With A World in Common: Contemporary African Photography now open at Tate Modern, let’s look at some of the extraordinary images giving us a vivid glimpse into Africa’s past, present and future.
Get to know 8 photographers who explore Africa’s diverse cultures and histories
Discover powerful African stories told through photography
Ruth Ginika Ossai: Empowering Identity
Ruth Ginika Ossai is interested in how photos can transport memories across time and place. Based in Nsukka, Nigeria and the UK, she started taking photos of her life in Nigeria and making photo albums to share with family in Yorkshire. Working closely with her local Nigerian community, Ossai creates empowering portraits where her models have ‘total control over how they portray themselves through choices in backdrops, poses, or their own personal style.’

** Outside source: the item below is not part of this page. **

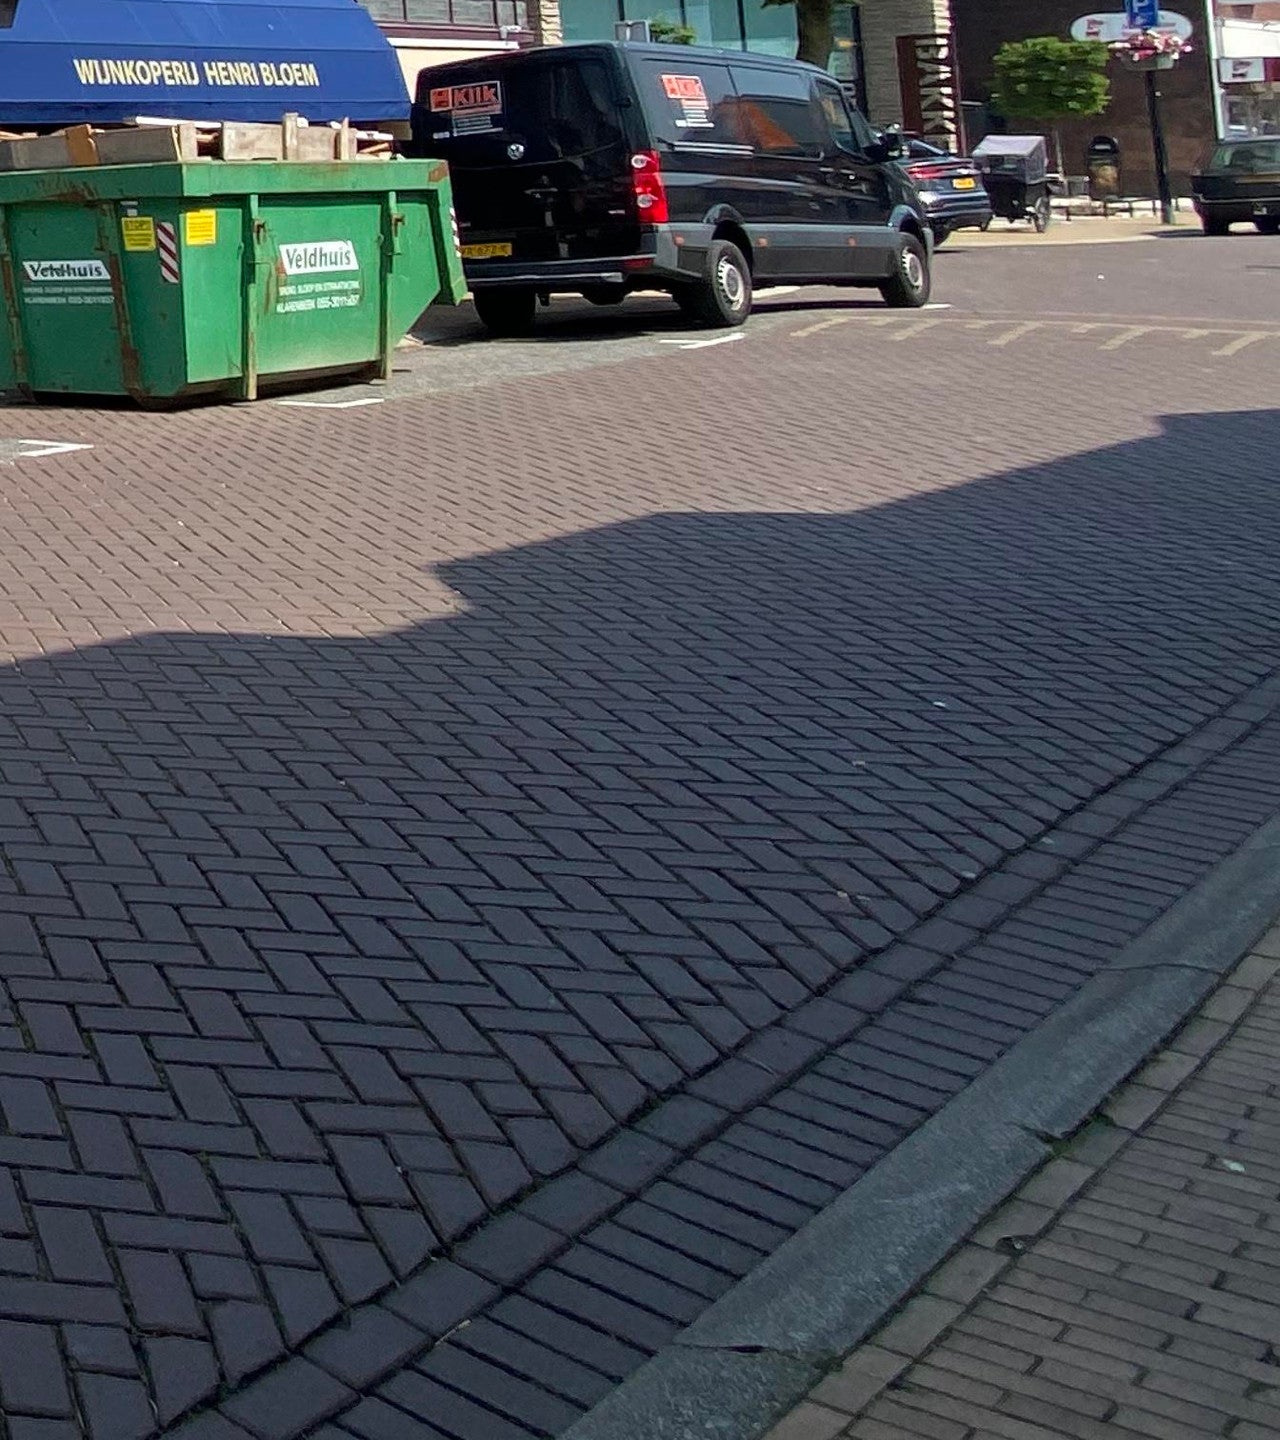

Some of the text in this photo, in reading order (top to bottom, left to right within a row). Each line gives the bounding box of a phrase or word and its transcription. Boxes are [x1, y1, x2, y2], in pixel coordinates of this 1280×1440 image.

Ossai also uses striking floormats and vibrant backdrops bursting with colour, inspired by special effects in Igbo gospel music videos and popular Nollywood films. ‘I wish my images to fill my subjects with power and agency… to allow their true selves to shine through,’ she says.
Sabelo Mlangeni: Intimate Portraits of Gay Life
Taken over six years in small towns in the Mpumalanga province, Sabelo Mlangeni's Country Girls is an intimate portrait of gay life in the South African countryside. With glamour and grittiness, the powerful series celebrates queer people and their everyday lives. The photographs are dedicated to the heart of the community: local drag queens, hairstylists and beauty pageant contestants, all dressed in tenderly handmade clothes and hand-me-downs.
Mlangeni vividly captures groups coming together for parties, birthdays and funerals full of love and friendship. Outside South Africa, homosexuality is illegal and condemned as un-African or un-Christian. Despite the threat of violence and discrimination, Mlangeni’s vibrant portraits highlight the resilience of queer people who have carved out spaces to work, love, and find community.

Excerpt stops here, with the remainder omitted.